人角化细胞生长因子-1的克隆及其在骨髓基质细胞中的表达

目的 从人胚肺成纤维细胞中克隆人角化细胞生长因子-1（KGF-1）编码区序列,构建真核荧光表达载体.方法 从人胚肺成纤维细胞中提取总RNA,通过反转录 PCR获取KGF-1 cDNA编码区序列,将其与pIRES2-EGFP质粒载体连接,构建重组表达载体pIRES2-EGFP/KGF-1,测序鉴定.将pIRES2-EGFP/KGF-1瞬时转染骨髓基质细胞（marrow stroma cells,MSCs）48 h后,免疫荧光法检测骨髓基质细胞是否存在KGF-1蛋白的表达.结果 构建的重组质粒pIRES2-EGFP/KGF-1经序列分析示与国外文献报道一致.KGF-1免疫荧光法激光共聚焦检测结果证实,pIRES2-EGFP/KGF-1转染骨髓基质细胞后,存在KGF-1蛋白的表达,定位于细胞浆内.结论 成功构建重组真核荧光表达载体pIRES2-EGFP/KGF-1,初步探讨了该基因在骨髓基质细胞中的表达,为其在皮肤组织工程的运用奠定了基础.

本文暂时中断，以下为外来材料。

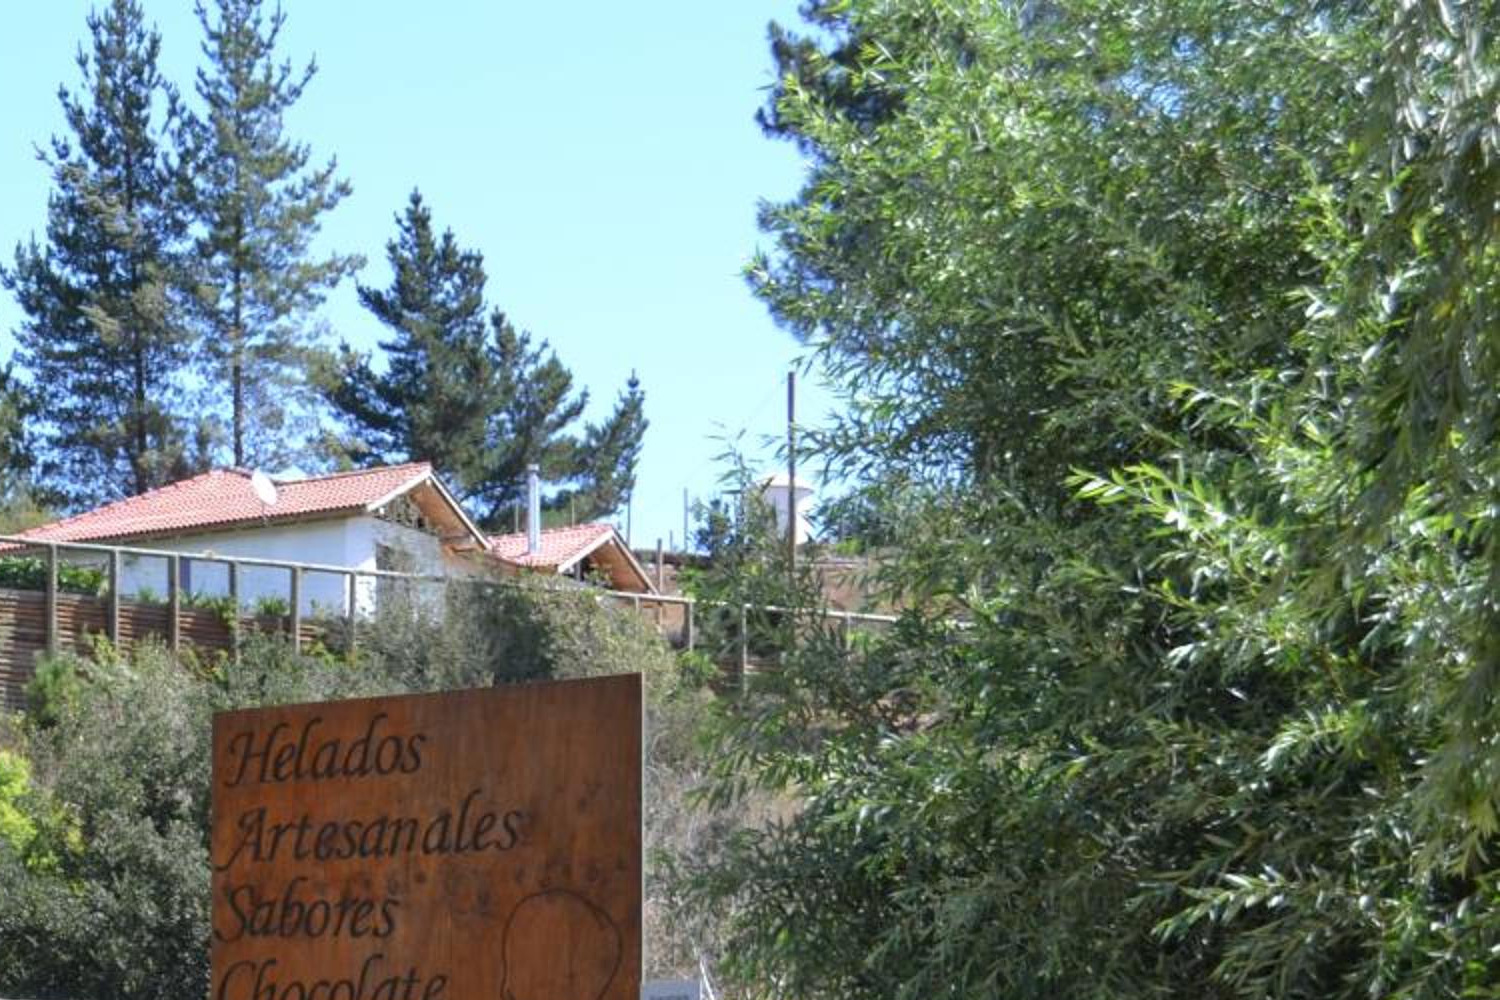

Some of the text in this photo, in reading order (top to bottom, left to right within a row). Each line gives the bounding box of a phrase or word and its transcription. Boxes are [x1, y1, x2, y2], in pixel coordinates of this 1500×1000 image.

[224, 713, 426, 788] Helados
[215, 789, 524, 871] Artesanales
[214, 877, 401, 943] Sabores
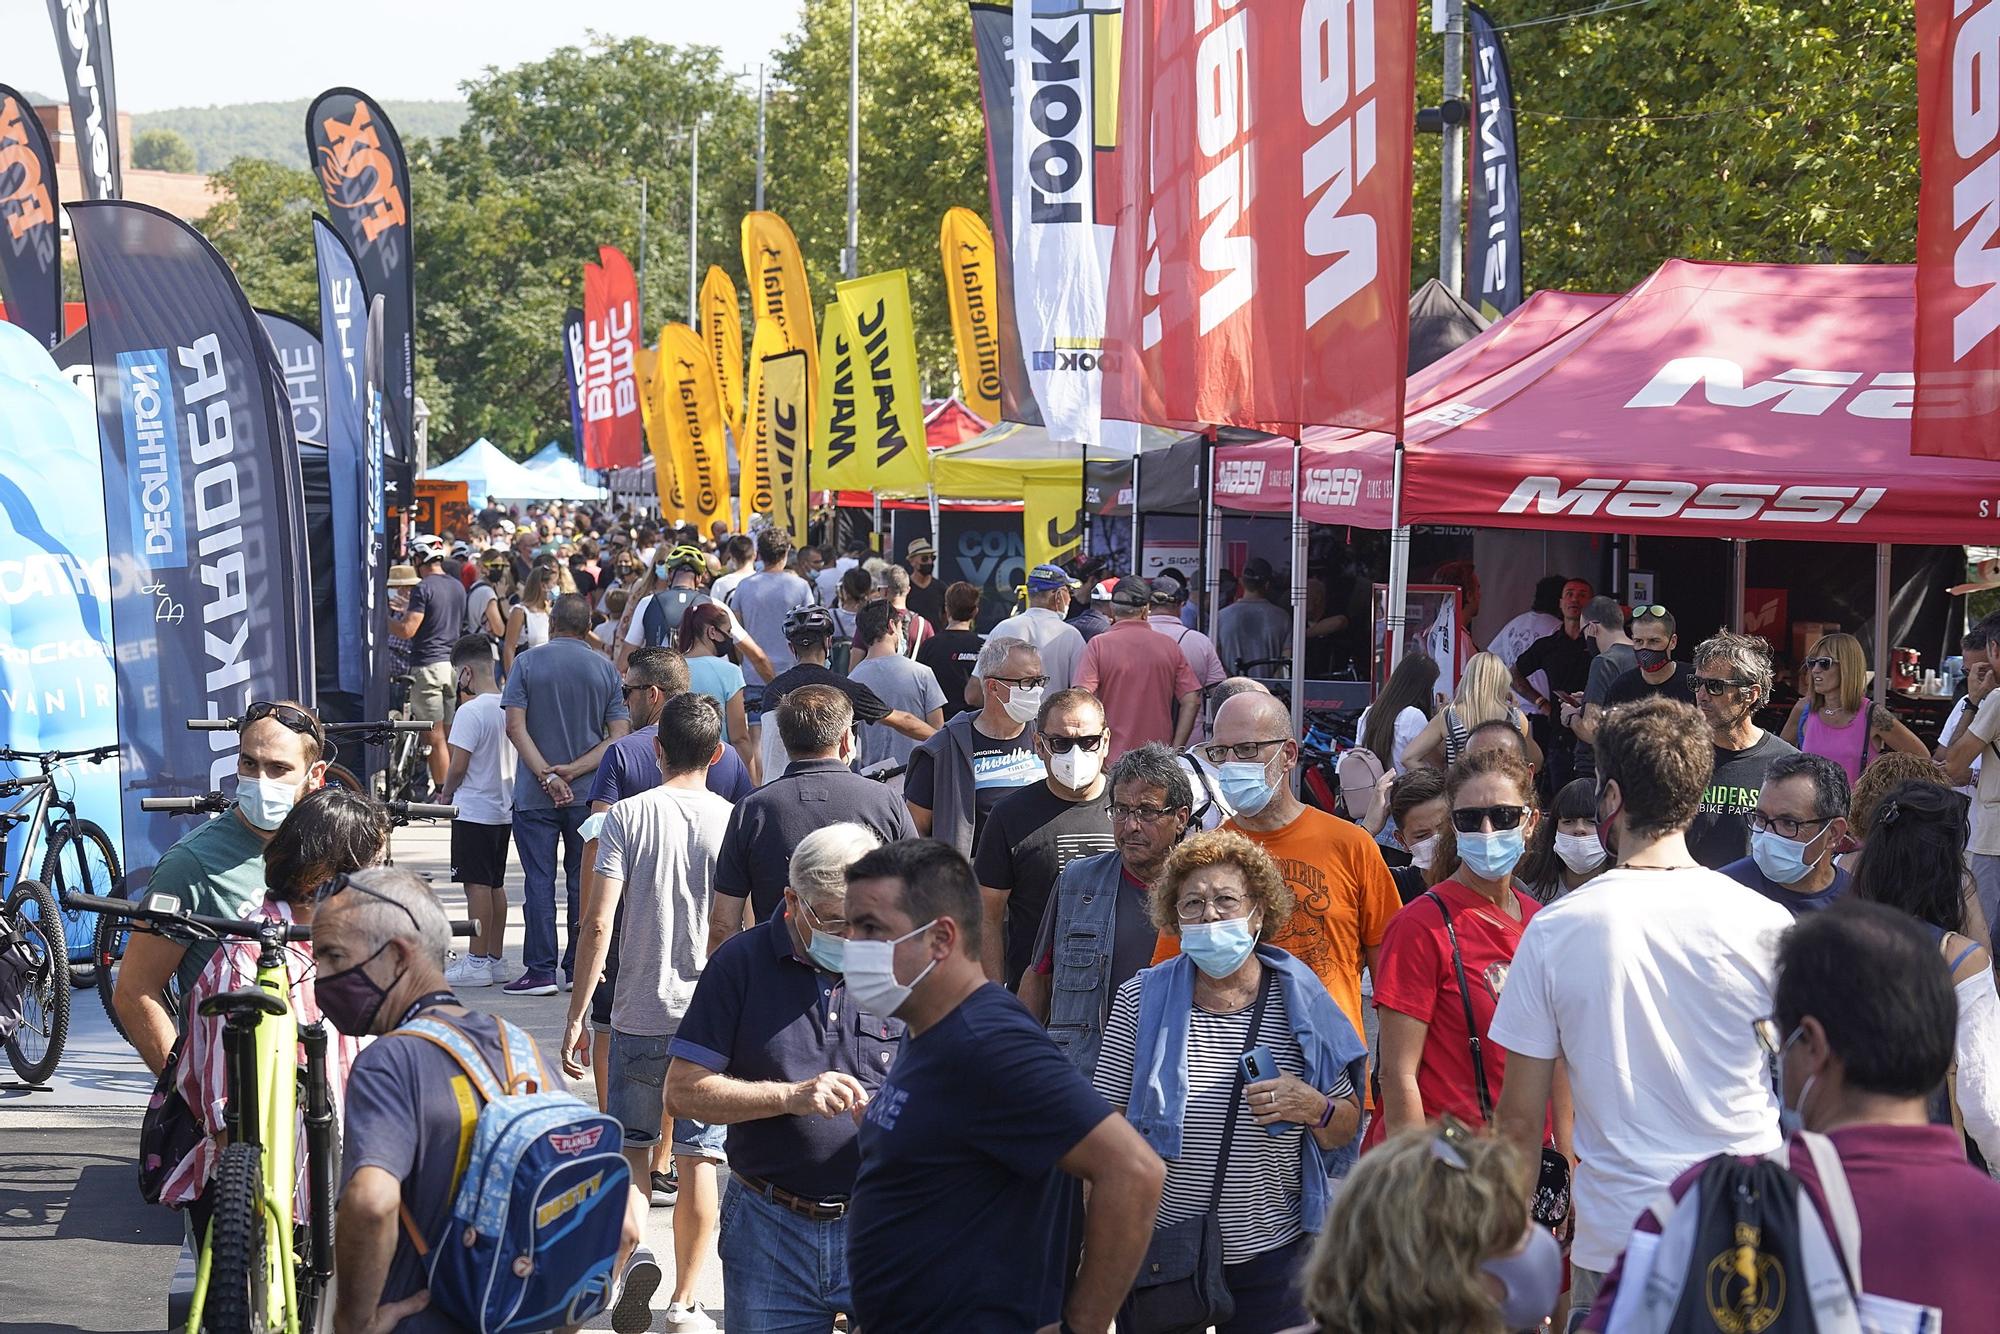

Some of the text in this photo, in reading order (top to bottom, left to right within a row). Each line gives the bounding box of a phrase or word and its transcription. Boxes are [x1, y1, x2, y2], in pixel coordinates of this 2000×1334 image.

[1302, 468, 1362, 507] MASSI
[1498, 476, 1886, 524] MASSI
[974, 747, 1033, 774] chwalbe
[1699, 803, 1724, 814] BIKE
[1702, 785, 1760, 808] RIDERS

Cloning of human keratinocyte growth factor-1 and its expression in marrow stroma cells

Objective To clone the encoding sequence of keratinocyte growth factor-1（KGF-1） from human embryonic fibroblasts for the construction of an eukaryotic fluorescent expression vector.Methods After total RNA was extracted from the fibroblasts in human embryo lung tissues,the KGF-1 sequence of cDNA was obtained by RT-PCR.Then the KGF-1 segments were inserted into pIRES2-EGFP vector and analyzed by restriction endonuclease mapping and DNA sequencing.The positive cloning of pIRES2-EGFP/KGF-1 was transiently transfected into marrow stroma cells （MSCs） with lipidosome.48 h later,the KGF-1 expression in the transfected MSCs was detected by immumofluorescence method.Results According to the sequence analysis,the recombinant plasmid pIRES2-EGFP/KGF-1 was consistent with the literature reported by Rubin.The immunofluorescenc and confocal laser scanning microscopy showed that the positive expression of KGF-1 protein could be clearly seen in the cytoplasm of MSCs after the recombinant plasmid transfected MSCs for 48 h.Conclusion Eukaryotic fluorescent expression vector of pIRES2-EGFP/KGF-1 is successfully constructed in this study.Meanwhile,the expression of KGF-1 gene has been preliminarily investigated,which can make a foundation for its use in the field of dermal tissue engineering.